> [TASK TO CARRY OUT] All entries below must be retyped exactly, though pictures are to be skipped.

━━━━━━━━━━━━━━━━━━━━━━━━━━━━━━

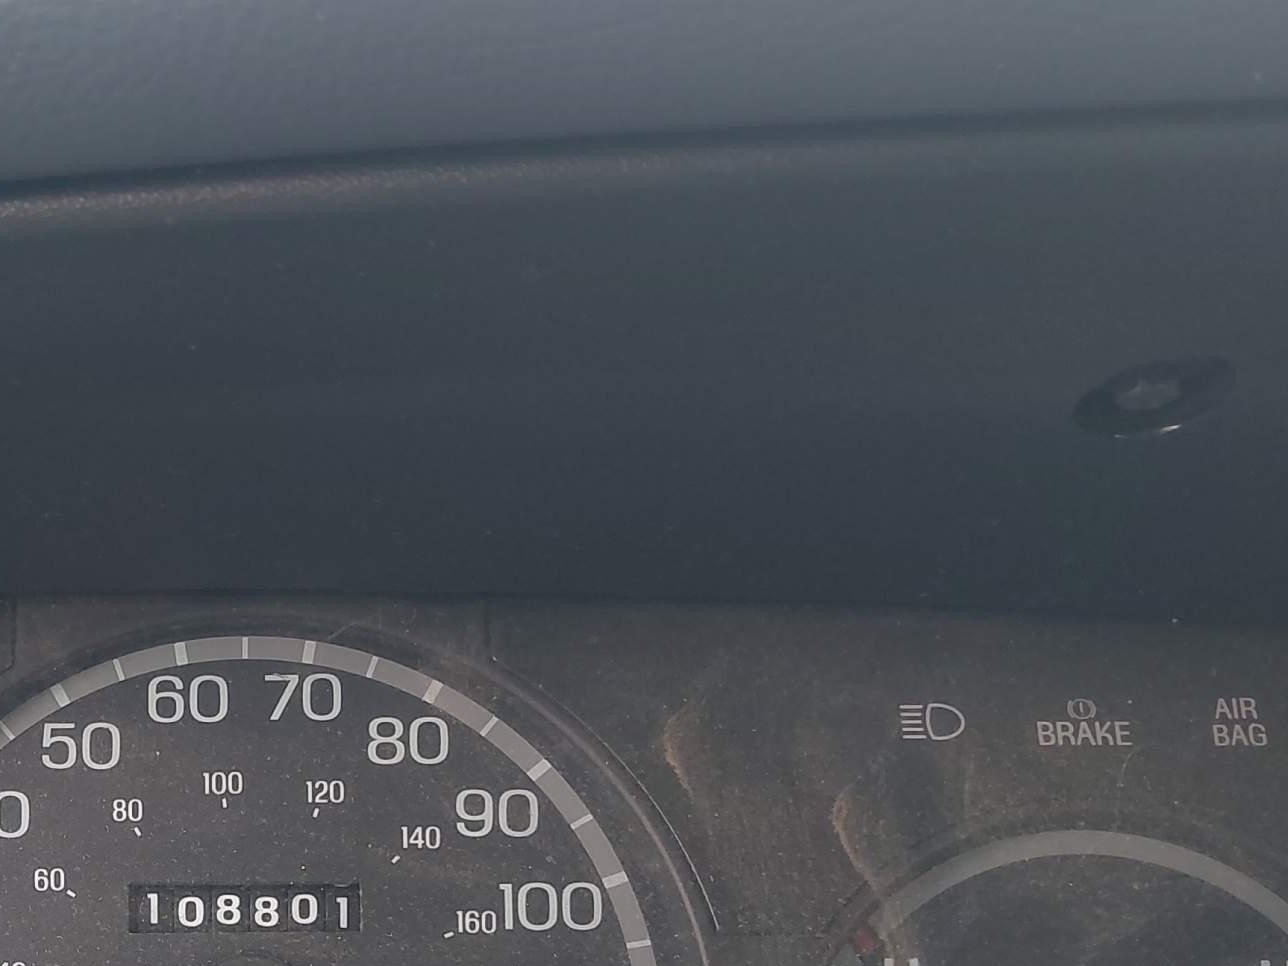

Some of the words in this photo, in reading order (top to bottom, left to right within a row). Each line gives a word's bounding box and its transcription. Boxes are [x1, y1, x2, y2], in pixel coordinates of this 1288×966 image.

[148, 675, 228, 723] 60
[265, 673, 341, 720] 70
[1215, 697, 1258, 720] AIR
[41, 722, 120, 769] 50
[367, 717, 449, 764] 80
[1037, 721, 1132, 746] BRAKE
[1213, 724, 1267, 746] BAG
[203, 771, 243, 794] 100
[306, 780, 345, 803] 120
[112, 799, 143, 821] 80
[455, 789, 539, 837] 90
[401, 826, 441, 849] 140
[34, 868, 65, 891] 60
[147, 893, 348, 929] 108801
[498, 882, 602, 930] 100
[456, 910, 497, 934] 160

━━━━━━━━━━━━━━━━━━━━━━━━━━━━━━

> [ANSWER SPACE]
Some of the words in this photo, in reading order (top to bottom, left to right within a row). Each line gives a word's bounding box and its transcription. Boxes are [x1, y1, x2, y2], in pixel coordinates of this 1288×966 image.

[148, 675, 228, 723] 60
[265, 673, 341, 720] 70
[1215, 697, 1258, 720] AIR
[41, 722, 120, 769] 50
[367, 717, 449, 764] 80
[1037, 721, 1132, 746] BRAKE
[1213, 724, 1267, 746] BAG
[203, 771, 243, 794] 100
[306, 780, 345, 803] 120
[112, 799, 143, 821] 80
[455, 789, 539, 837] 90
[401, 826, 441, 849] 140
[34, 868, 65, 891] 60
[147, 893, 348, 929] 108801
[498, 882, 602, 930] 100
[456, 910, 497, 934] 160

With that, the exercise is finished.